ARCADI ESPADA – EL MUNDO – 23/10/16
· Mi liberada: Creí verte entre los jóvenes que la otra mañana impidieron la conversación entre Felipe González y Juan Luis Cebrián en la Universidad Autónoma de Madrid. Pero sería ilusión; tú ya no eres joven. Apartando la embriaguez testosterónica, los motivos que frustraron la conversación tienen que ver con la tolerancia ante la fuerza. Tolerancia es el común eufemismo de una borradora confusión moral. Y Fuera fascistas de la universidad el lema que coreó la fuerza. A Cebrián y González los echaron, y es inevitable que se fueran como fascistas asumidos.
El grupo de agresores ejerció la fuerza sin réplica.
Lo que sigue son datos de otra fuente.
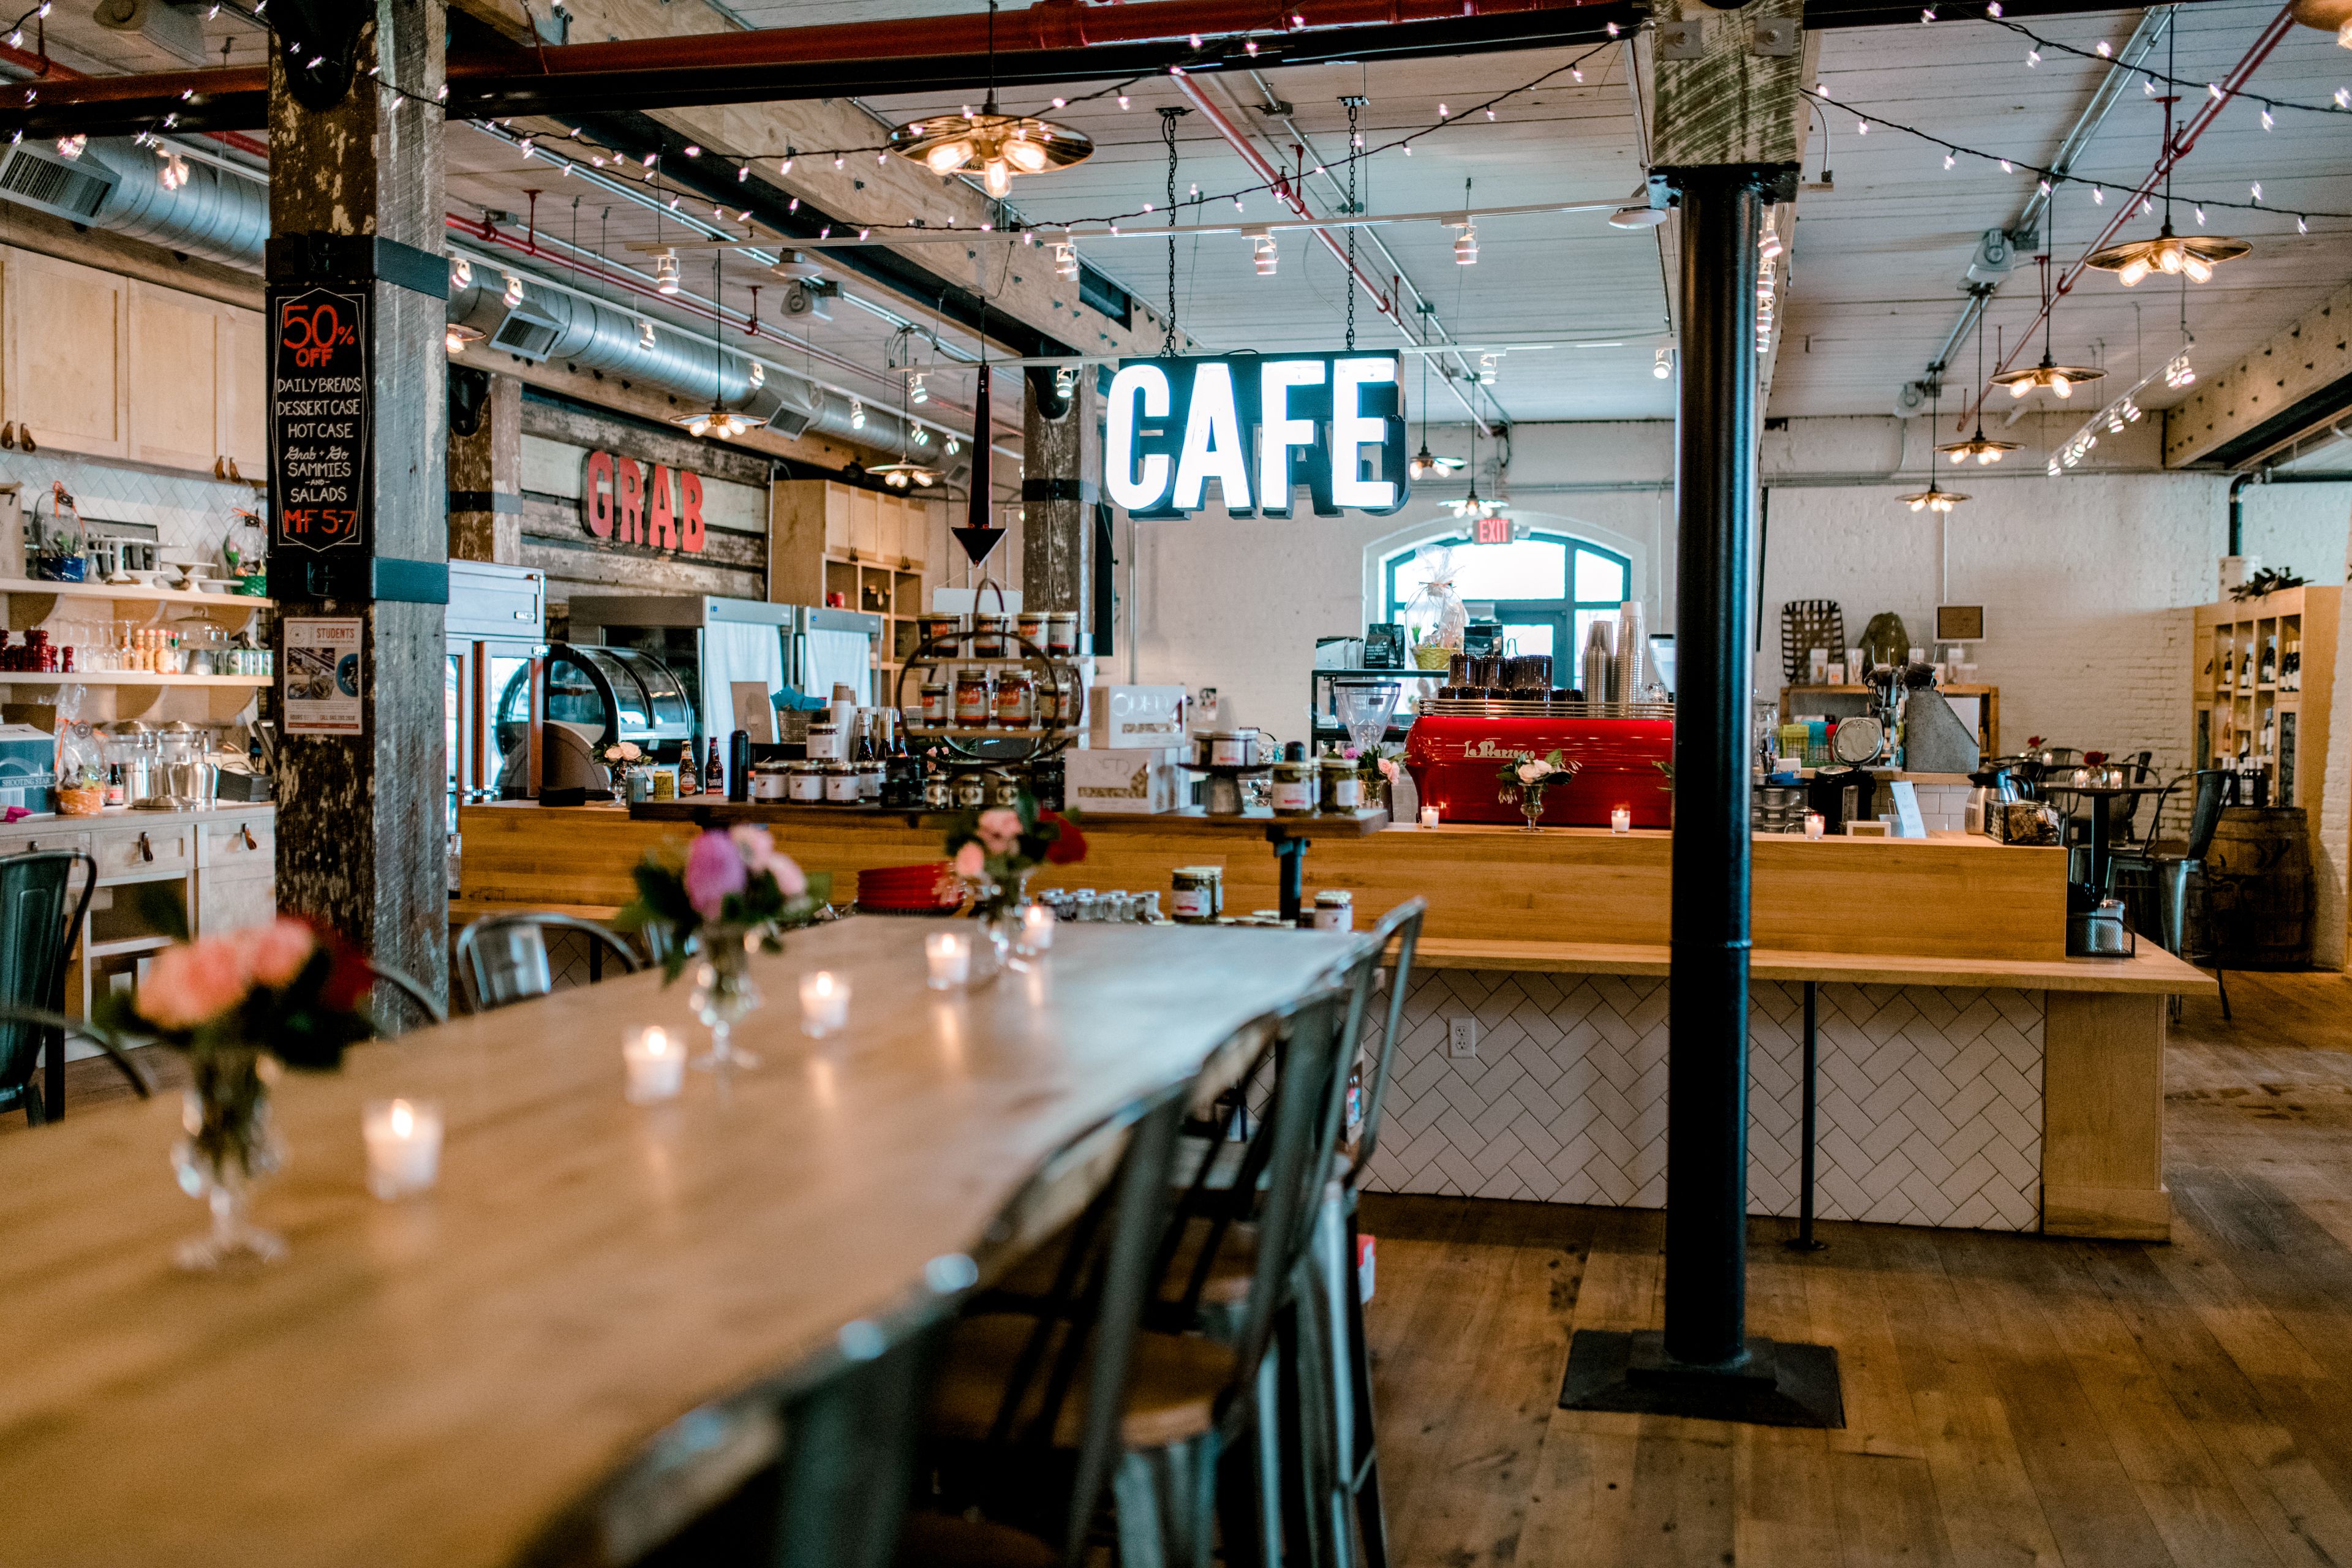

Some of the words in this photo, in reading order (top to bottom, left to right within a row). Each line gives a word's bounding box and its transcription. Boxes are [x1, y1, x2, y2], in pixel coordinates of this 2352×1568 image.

Los agredidos, y hay que incluir a todos los que habían ido a escuchar, bajaron la cabeza y se rindieron a la fuerza de los agresores. Supongo que la razón obedece a un simple cálculo del tipo personal: González, Cebrián y sus oyentes decidirían que era mejor suspender la conferencia que defenderla con la fuerza. El cálculo de la posibilidad de sufrir daños o la repugnancia no solo física sino moral de la pelea les llevaría a desistir. Naturalmente si en vez de defender su libertad de palabra se hubiera tratado de defender su vida también ellos hubieran usado la fuerza. La libertad es la vida.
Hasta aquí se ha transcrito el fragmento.